▶ **REQUIRED ACTION**
Leave the pictures out and print every record below exactly as it stands.

Records from a data collection:
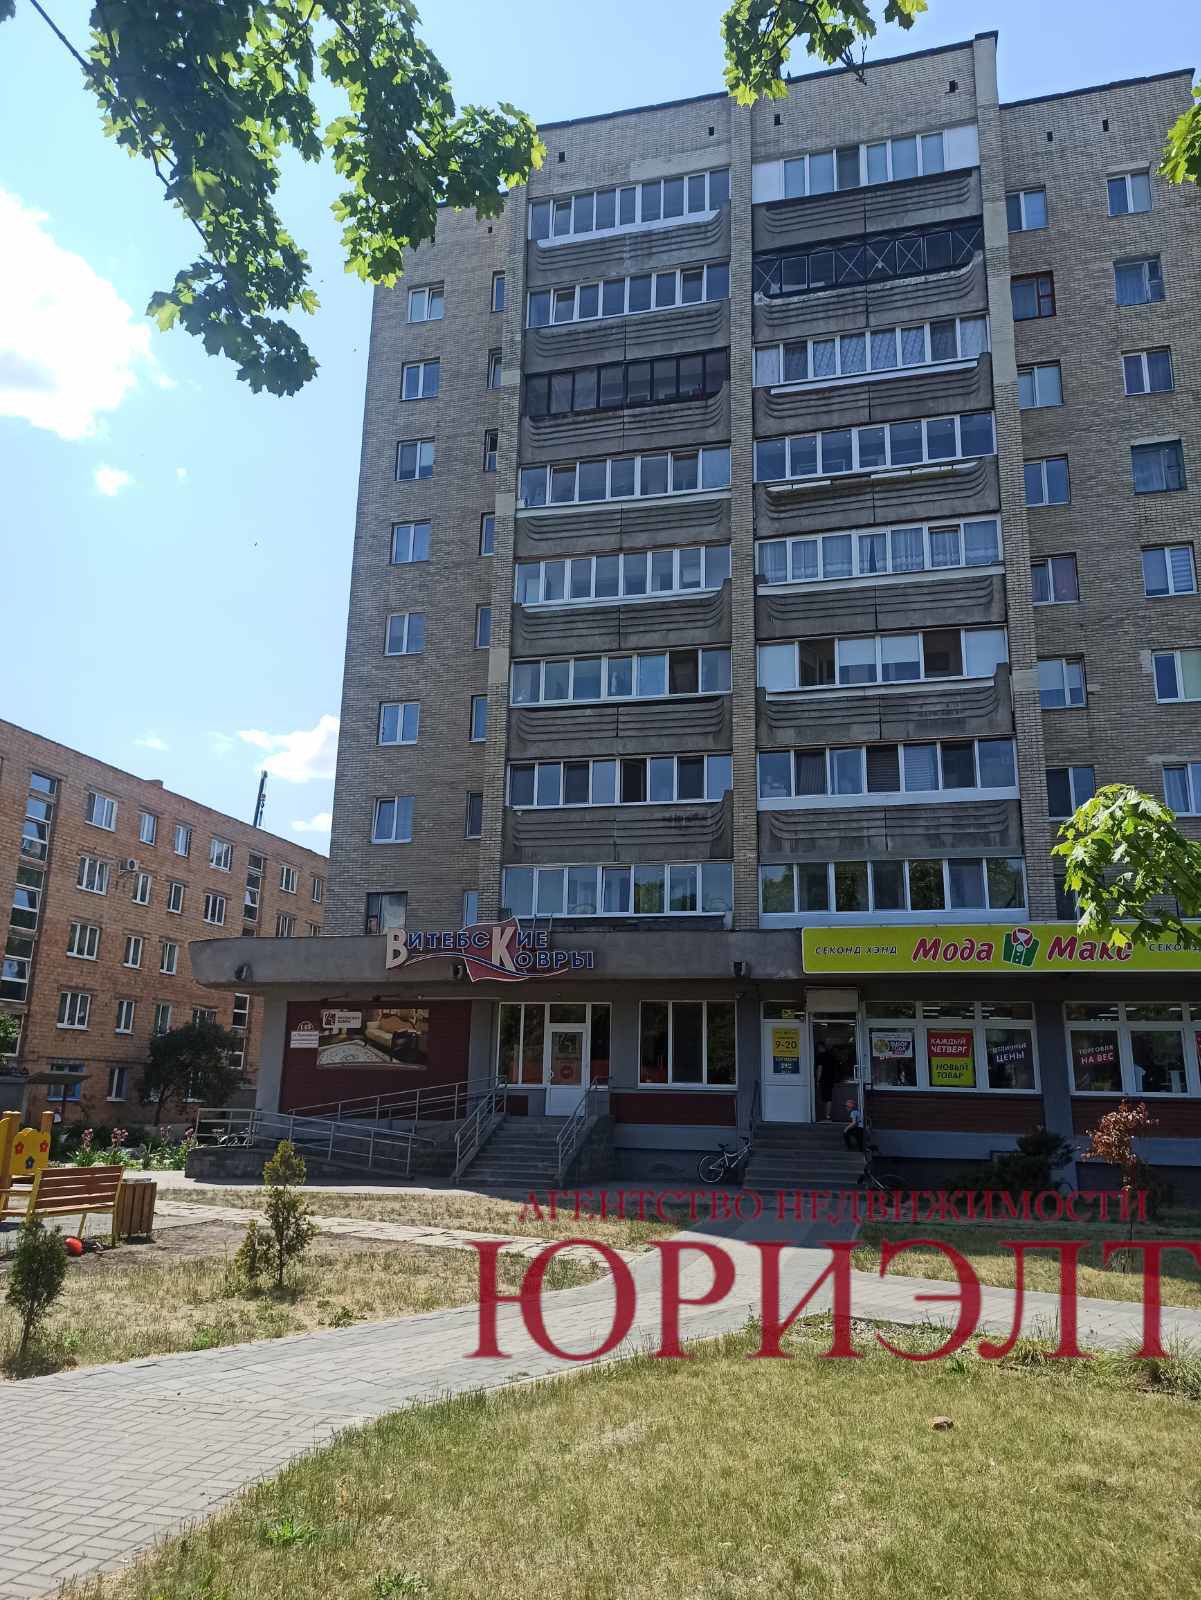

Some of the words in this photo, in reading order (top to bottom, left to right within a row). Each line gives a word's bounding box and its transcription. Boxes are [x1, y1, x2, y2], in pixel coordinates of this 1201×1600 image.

[815, 945, 862, 955] СЕКОНД
[866, 944, 897, 955] ХЭНД
[911, 936, 995, 962] Мода
[1148, 942, 1201, 953] СЕКО
[775, 1040, 797, 1049] 9-20
[930, 1037, 967, 1045] КАЖДЫЙ
[930, 1045, 968, 1054] ЧЕТВЕРГ
[996, 1051, 1025, 1063] ЦЕНЫ
[1080, 1055, 1095, 1064] НА
[1097, 1052, 1115, 1063] ВЕС
[936, 1062, 968, 1071] НОВЫЙ
[936, 1071, 964, 1079] ТОВАР

▶ **EXERCISE RESPONSE**
Some of the words in this photo, in reading order (top to bottom, left to right within a row). Each line gives a word's bounding box and its transcription. Boxes are [x1, y1, x2, y2], in pixel coordinates of this 1201×1600 image.

[815, 945, 862, 955] СЕКОНД
[866, 944, 897, 955] ХЭНД
[911, 936, 995, 962] Мода
[1148, 942, 1201, 953] СЕКО
[775, 1040, 797, 1049] 9-20
[930, 1037, 967, 1045] КАЖДЫЙ
[930, 1045, 968, 1054] ЧЕТВЕРГ
[996, 1051, 1025, 1063] ЦЕНЫ
[1080, 1055, 1095, 1064] НА
[1097, 1052, 1115, 1063] ВЕС
[936, 1062, 968, 1071] НОВЫЙ
[936, 1071, 964, 1079] ТОВАР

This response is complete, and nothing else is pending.